Stored data entries:
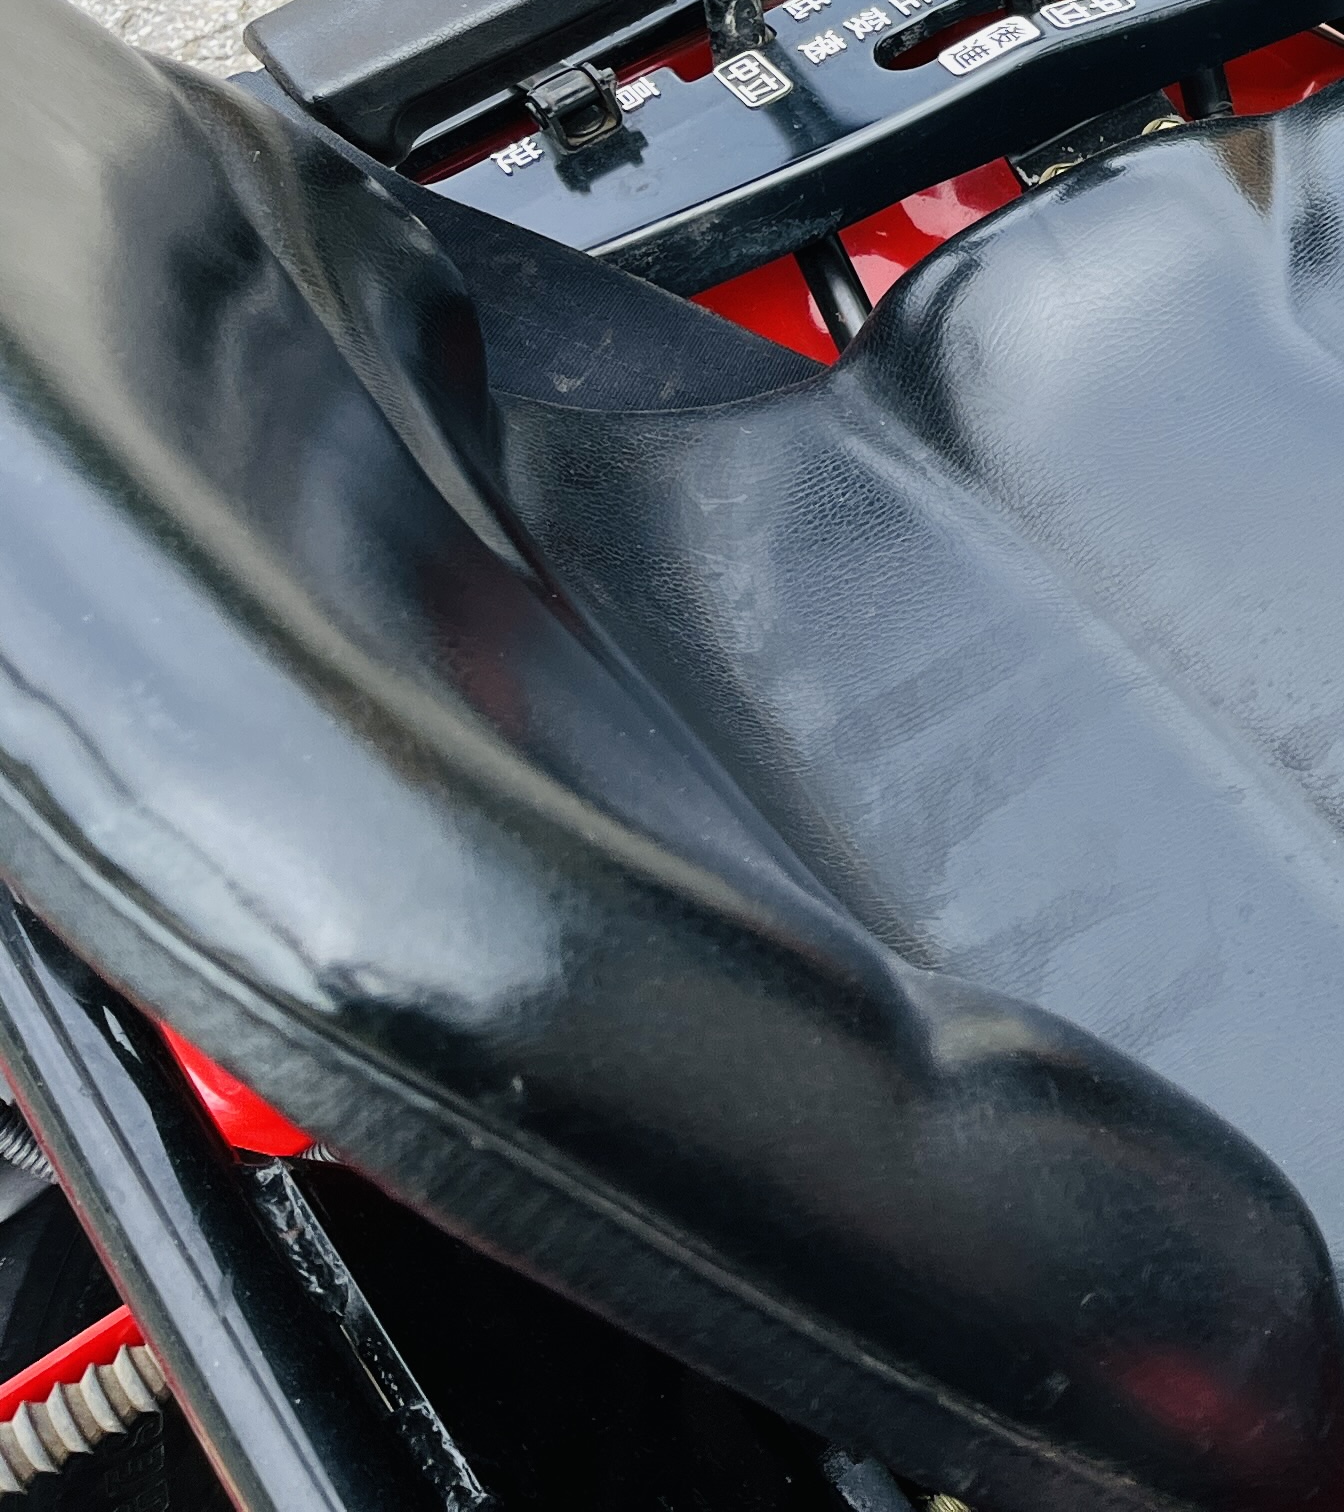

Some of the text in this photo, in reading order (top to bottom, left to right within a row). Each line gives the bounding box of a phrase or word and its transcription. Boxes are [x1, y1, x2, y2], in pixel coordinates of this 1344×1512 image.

[948, 19, 1032, 71] 後進
[615, 76, 661, 113] 高
[722, 57, 788, 102] 中立
[490, 137, 544, 175] 逆

> Work order: All records above must be output exactly as they stand, excluding pictures.

> Expected answer:
Some of the text in this photo, in reading order (top to bottom, left to right within a row). Each line gives the bounding box of a phrase or word and its transcription. Boxes are [x1, y1, x2, y2], in pixel coordinates of this 1344×1512 image.

[948, 19, 1032, 71] 後進
[615, 76, 661, 113] 高
[722, 57, 788, 102] 中立
[490, 137, 544, 175] 逆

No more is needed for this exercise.